INVESTIGADORES
MARTINEZ CALEJMAN Camila
congresos y reuniones científicas
Título:
Selectivity in mTORC2-AKT signaling to ATP citrate lyase drives brown adipocyte differentiation and de novo lipogenesis
Autor/es:
MARTINEZ CALEJMAN C; ENTWISLE, S.W.; TREFELY, S.; LUCIANO, A.; JUNG, S.M.; HSIAO, WEN-YU; HUNG, C.M.; LI, H.; SNYDER, N.W.; WELLEN, K.E.; VILLÉN, J.; GUERTIN, D.A.
Lugar:
Palm Springs
Reunión:
Congreso; The glucose metabolism meeting; 2019
Institución organizadora:
FASEB
Resumen:
mTORC2 regulates carbohydrate and lipid metabolism in adipocytes. However, the mechanisms have been unclear because mTORC2 loss in either brown or white adipocytes does not appear to impair downstream signaling by its canonical substrate AKT. To begin resolving this mystery, we used immunoblotting, metabolomics, and phospho-proteomics in both precursor and mature brown adipocytes to investigate the mechanisms of mTORC2 action in carbohydrate and lipid metabolism. Consistent with our previous in vivo data, we show that mTORC2 mildly facilitates insulin signaling, but is largely dispensable for many if not most actions of its canonical substrate AKT. In contrast, we identify ATP-citrate lyase (ACLY) as a unique mTORC2-dependent AKT substrate revealing an unappreicated specificity in mTORC2/AKT signaling. ACLY links carbohydrate and lipid metabolism by producing acetyl-coA for glucose-driven de novo lipogenesis (gluco-lipogenesis) and protein acetylation. Time course phospho-proteomics and phopho-mimetic rescue experiments in mature brown adipocytes indicate that insulin acts early to stimulate mTORC2/AKT/ACLY-mediated acetyl-coA synthesis, which both primes gluco-lipogenesis and augments ChREBP activity, histone acetylation, and gluco-lipogenic gene expression.
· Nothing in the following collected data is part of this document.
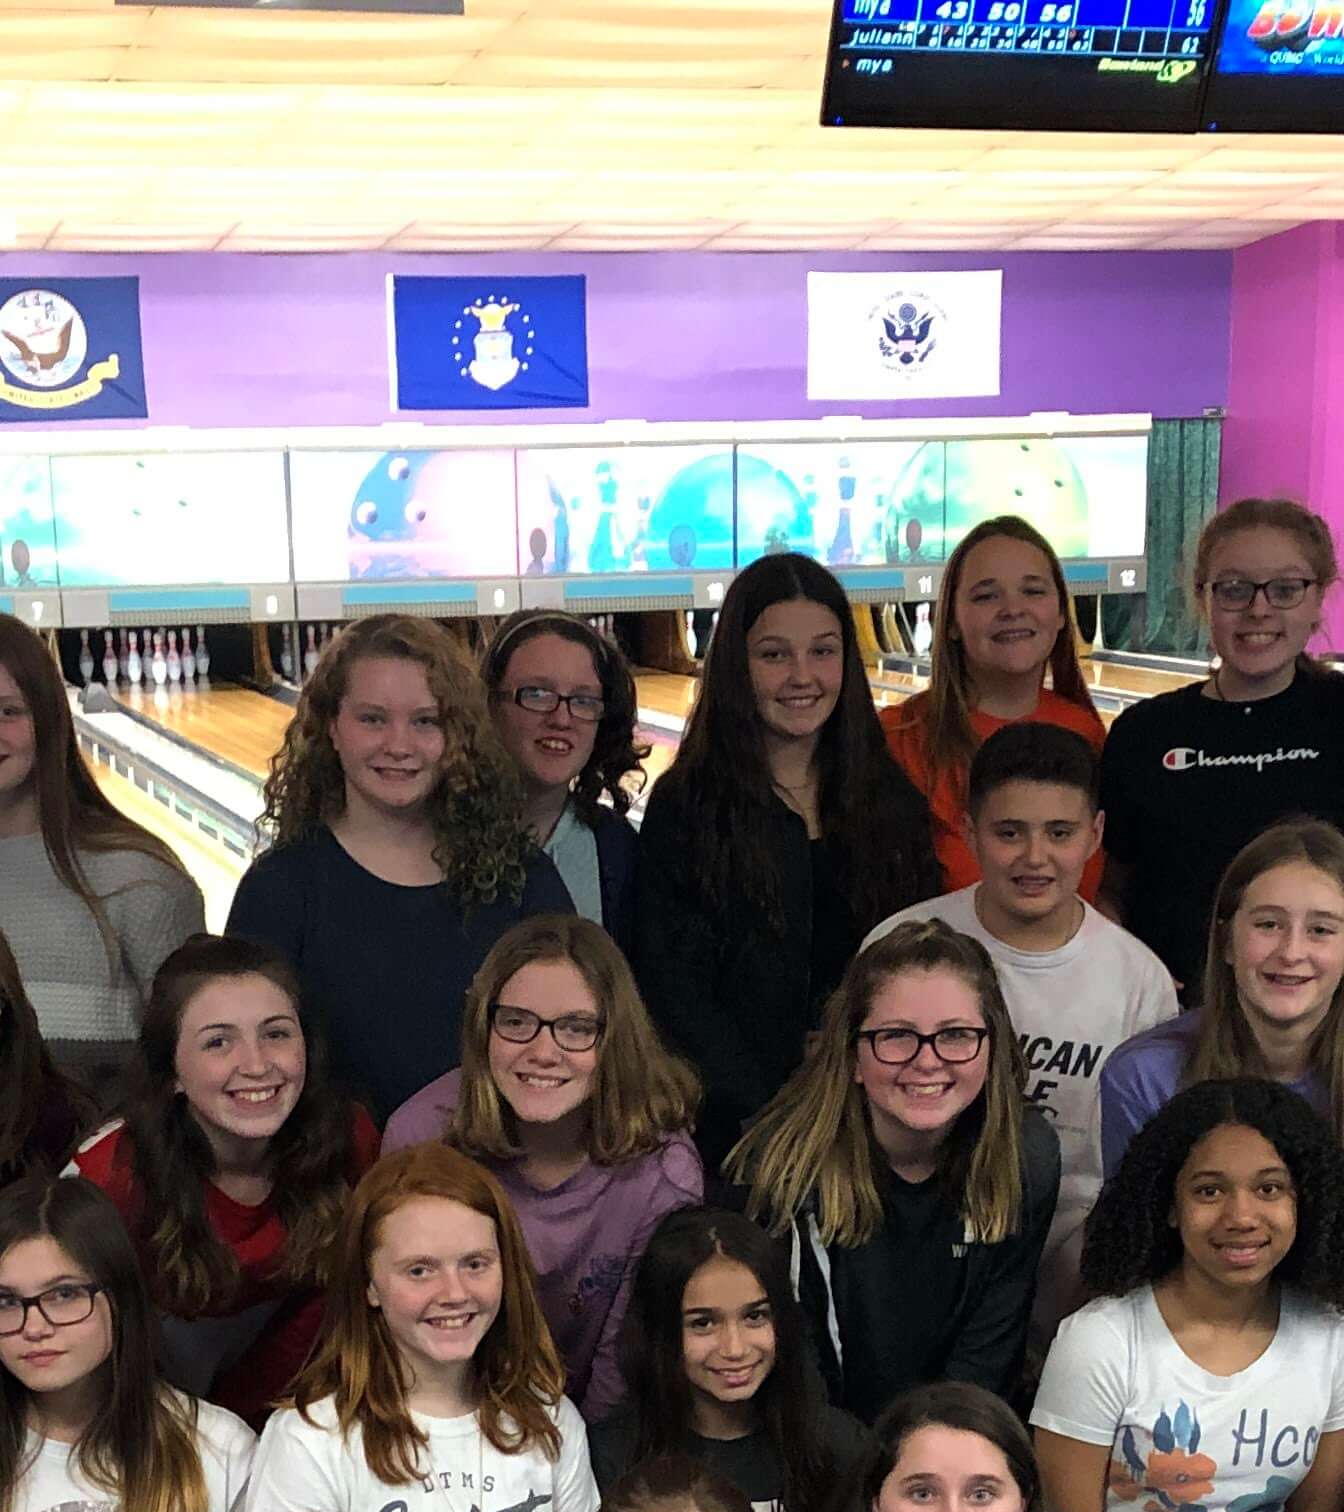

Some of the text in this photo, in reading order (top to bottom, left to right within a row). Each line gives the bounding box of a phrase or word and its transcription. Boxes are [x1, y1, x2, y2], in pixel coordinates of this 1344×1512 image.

[936, 1, 969, 19] 43
[987, 3, 1021, 21] 50
[1040, 4, 1073, 22] 56
[856, 58, 893, 74] mya
[1119, 569, 1136, 587] 12
[1163, 747, 1320, 773] Champion
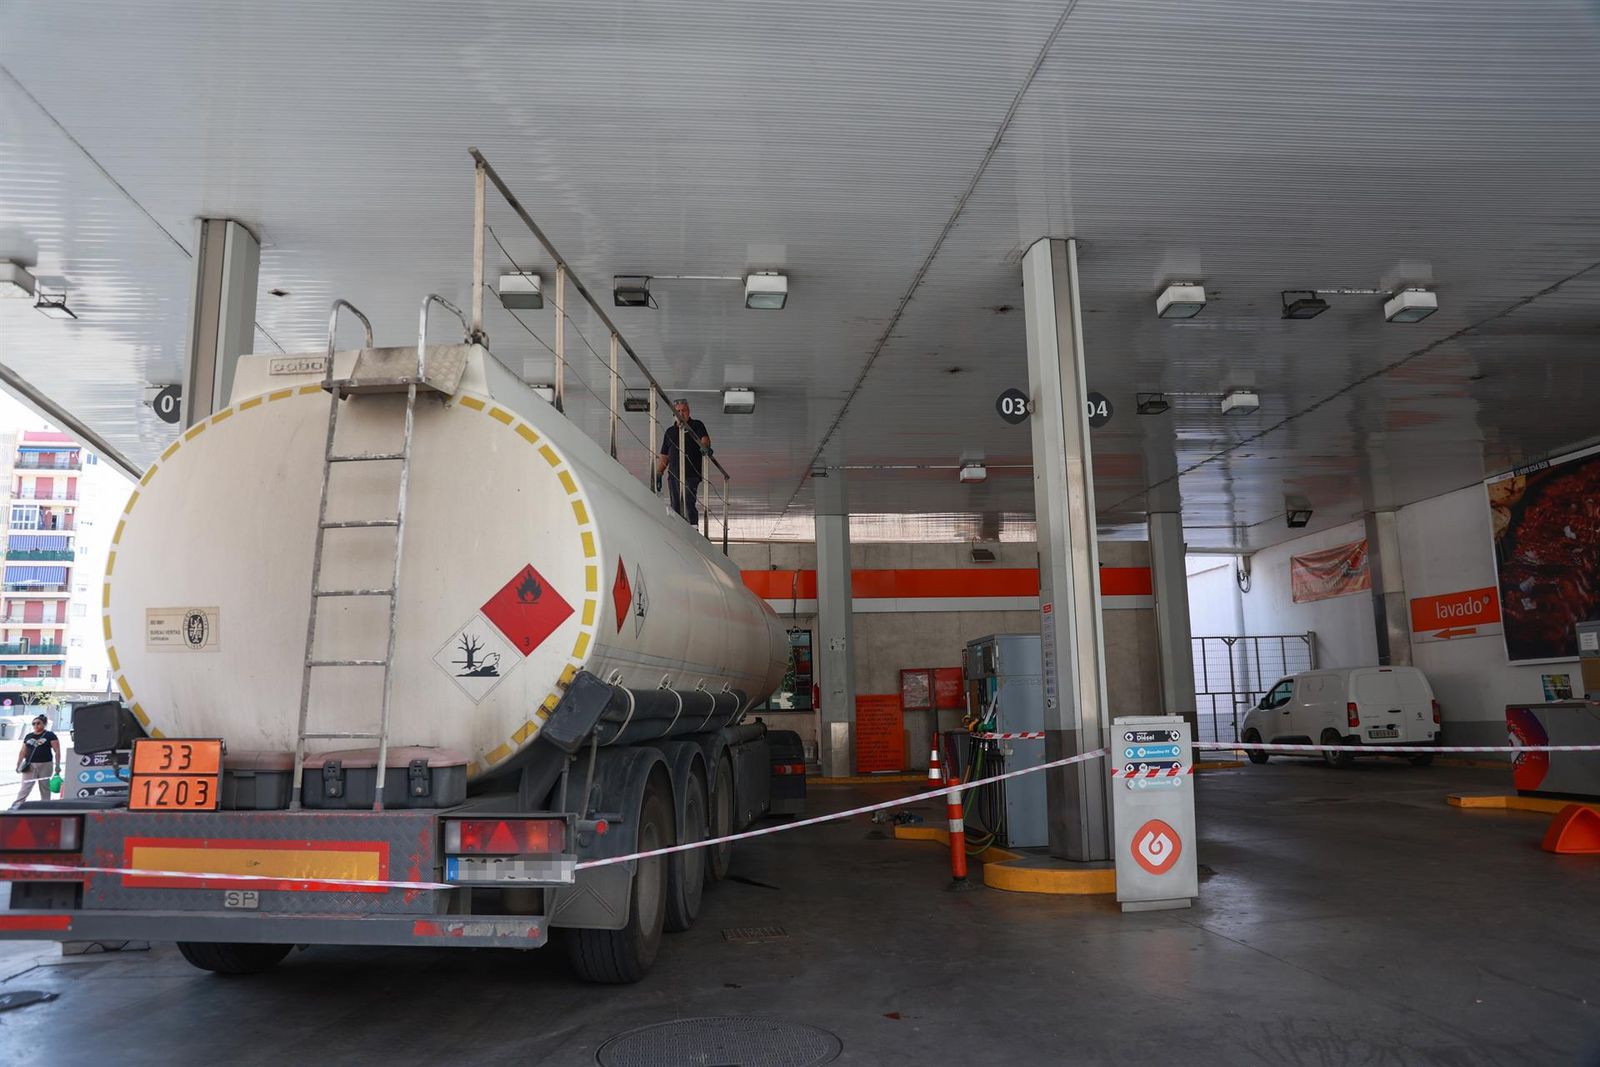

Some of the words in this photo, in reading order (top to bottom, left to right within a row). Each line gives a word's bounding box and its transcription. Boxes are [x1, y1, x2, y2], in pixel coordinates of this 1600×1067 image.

[161, 395, 181, 413] 0
[1001, 397, 1026, 415] 03
[1087, 400, 1108, 418] 04
[1435, 596, 1482, 619] lavado
[523, 637, 530, 647] 3
[160, 744, 192, 770] 33
[143, 780, 209, 806] 1203
[227, 892, 256, 906] SP
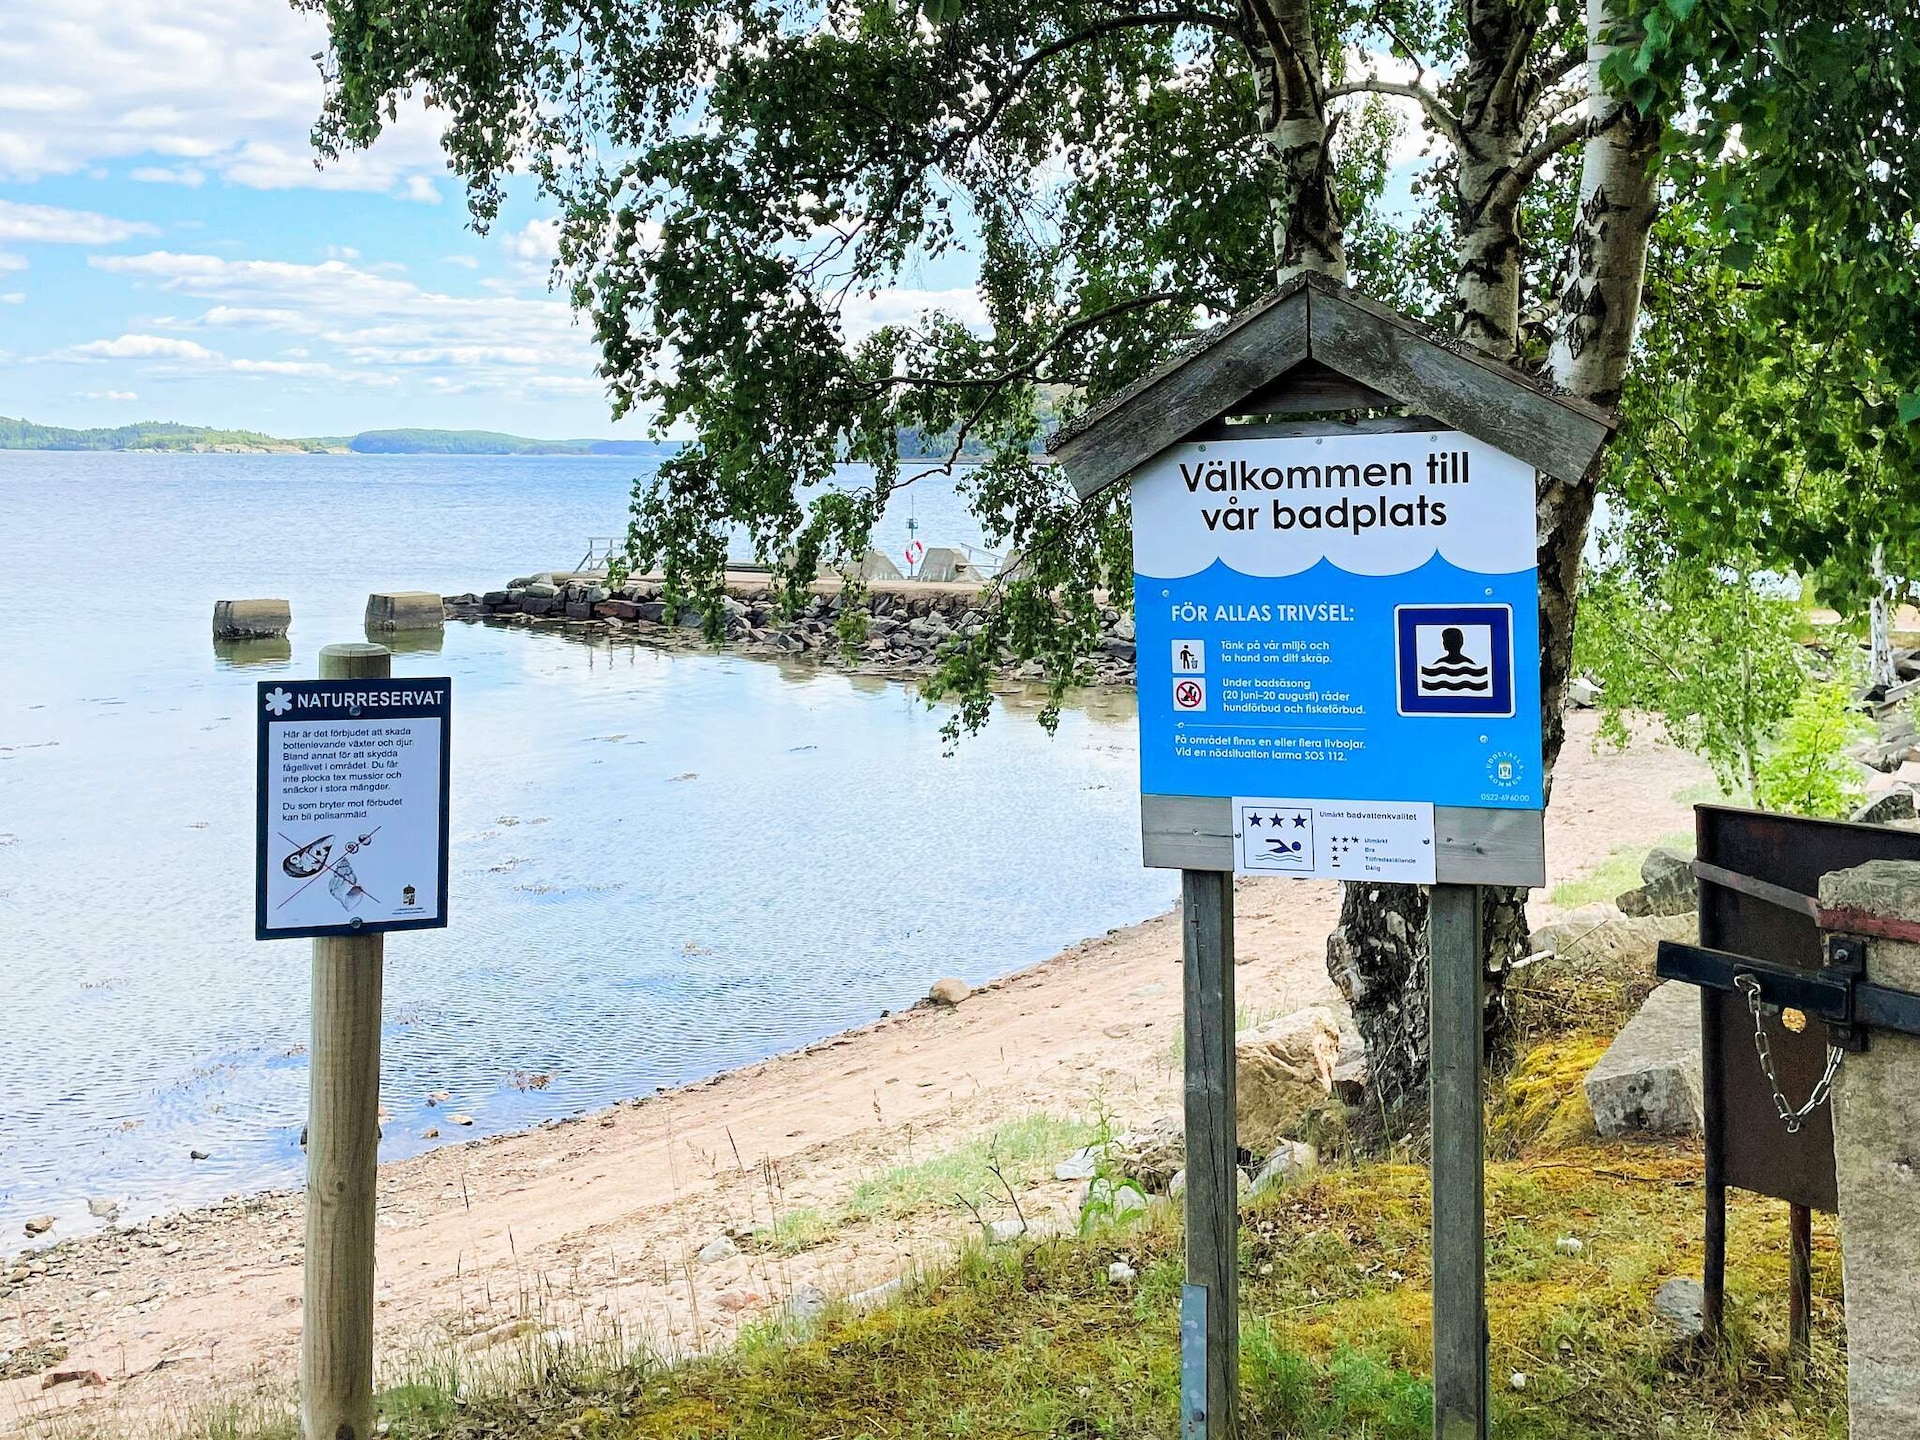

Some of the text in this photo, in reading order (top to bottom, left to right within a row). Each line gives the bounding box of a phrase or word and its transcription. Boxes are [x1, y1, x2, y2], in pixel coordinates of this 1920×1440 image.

[1179, 451, 1469, 492] Välkommen till
[1201, 495, 1447, 536] vår badplats
[1171, 601, 1355, 622] FÖR ALLAS TRIVSEL:
[1221, 640, 1330, 652] Tänk på vår miljö och
[1221, 653, 1332, 664] ta hand om ditt skräp.
[1222, 678, 1311, 690] Under badsäsong
[298, 690, 444, 708] NATURRESERVAT
[1222, 690, 1238, 701] (20
[1278, 691, 1319, 702] augusti)
[1321, 691, 1349, 701] råder
[1223, 703, 1366, 715] hundförbud och fiskeförbud.
[283, 728, 411, 739] Här är det förbjudet att skada
[283, 741, 346, 750] bottenlevande
[349, 739, 375, 748] växter
[377, 738, 394, 747] och
[1175, 733, 1366, 751] På området finns en eller flera livbojar.
[283, 752, 309, 760] Bland
[340, 751, 350, 759] för
[353, 751, 364, 759] att
[367, 750, 398, 760] skydda
[1175, 747, 1347, 761] Vid en nödsituation larma SOS 112.
[1486, 751, 1524, 769] UDDEVALLA
[283, 763, 322, 774] fågellivet
[371, 761, 384, 769] Du
[386, 760, 398, 768] får
[283, 775, 299, 783] inte
[301, 774, 330, 783] plocka
[349, 772, 383, 781] musslor
[385, 771, 402, 779] och
[1488, 774, 1521, 787] KOMMUN
[283, 785, 318, 794] snäckor
[325, 784, 347, 792] stora
[283, 798, 403, 810] Du som bryter mot förbudet
[282, 813, 298, 821] kan
[301, 812, 311, 821] bli
We also find that brown preadipocytes require this selective mTORC2/AKT/ACLY pathway to induce PPAR-gamma and establish the epigenetic landscape during differentiation. Substrate utilization studies unexpectedly reveal that mTORC2 also promotes acetyl-coA synthesis from acetate through acetyl-CoA synthetase 2 (ACSS2), especially when ACLY is impaired. Collectively, these data suggest that mTORC2's principal role in lipid anabolism is to control nuclear-cytoplasmic acetyl-coA synthesis.